**TASK DETAILS**.
Search the records for lines that contain the word "system". Copy them all.

::: EXERCISE MATERIAL :::

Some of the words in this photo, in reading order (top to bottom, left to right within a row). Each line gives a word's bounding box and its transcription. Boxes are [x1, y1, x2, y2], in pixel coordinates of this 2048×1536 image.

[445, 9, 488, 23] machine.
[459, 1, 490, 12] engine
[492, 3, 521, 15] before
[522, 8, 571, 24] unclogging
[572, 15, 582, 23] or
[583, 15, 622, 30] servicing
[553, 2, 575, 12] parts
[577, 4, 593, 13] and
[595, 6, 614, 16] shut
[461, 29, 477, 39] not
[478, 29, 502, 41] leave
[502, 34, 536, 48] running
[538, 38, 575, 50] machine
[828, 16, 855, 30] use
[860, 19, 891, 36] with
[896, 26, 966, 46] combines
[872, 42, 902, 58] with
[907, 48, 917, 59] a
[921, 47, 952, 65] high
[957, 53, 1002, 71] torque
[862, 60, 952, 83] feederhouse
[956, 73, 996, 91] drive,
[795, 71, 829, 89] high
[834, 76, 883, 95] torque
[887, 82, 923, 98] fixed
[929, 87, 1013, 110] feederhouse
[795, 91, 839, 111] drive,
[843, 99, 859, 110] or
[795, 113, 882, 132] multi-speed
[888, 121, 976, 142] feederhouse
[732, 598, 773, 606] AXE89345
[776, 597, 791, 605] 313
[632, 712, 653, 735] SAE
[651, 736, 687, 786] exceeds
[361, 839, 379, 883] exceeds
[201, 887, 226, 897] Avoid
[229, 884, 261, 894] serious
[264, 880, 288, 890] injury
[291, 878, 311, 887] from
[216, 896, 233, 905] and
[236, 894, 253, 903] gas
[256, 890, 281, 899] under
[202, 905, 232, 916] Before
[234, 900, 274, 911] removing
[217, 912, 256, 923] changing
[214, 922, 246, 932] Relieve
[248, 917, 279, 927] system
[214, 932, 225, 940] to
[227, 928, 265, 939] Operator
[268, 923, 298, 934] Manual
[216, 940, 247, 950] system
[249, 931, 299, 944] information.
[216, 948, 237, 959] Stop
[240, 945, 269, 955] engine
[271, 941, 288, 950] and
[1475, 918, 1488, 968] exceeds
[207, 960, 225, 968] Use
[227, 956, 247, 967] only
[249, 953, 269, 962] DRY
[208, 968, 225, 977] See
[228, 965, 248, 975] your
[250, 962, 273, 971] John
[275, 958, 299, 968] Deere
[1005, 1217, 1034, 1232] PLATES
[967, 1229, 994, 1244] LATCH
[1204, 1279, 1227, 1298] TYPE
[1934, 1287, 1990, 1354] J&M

:::

**RESPONSE TO THE TASK**.
[248, 917, 279, 927] system
[216, 940, 247, 950] system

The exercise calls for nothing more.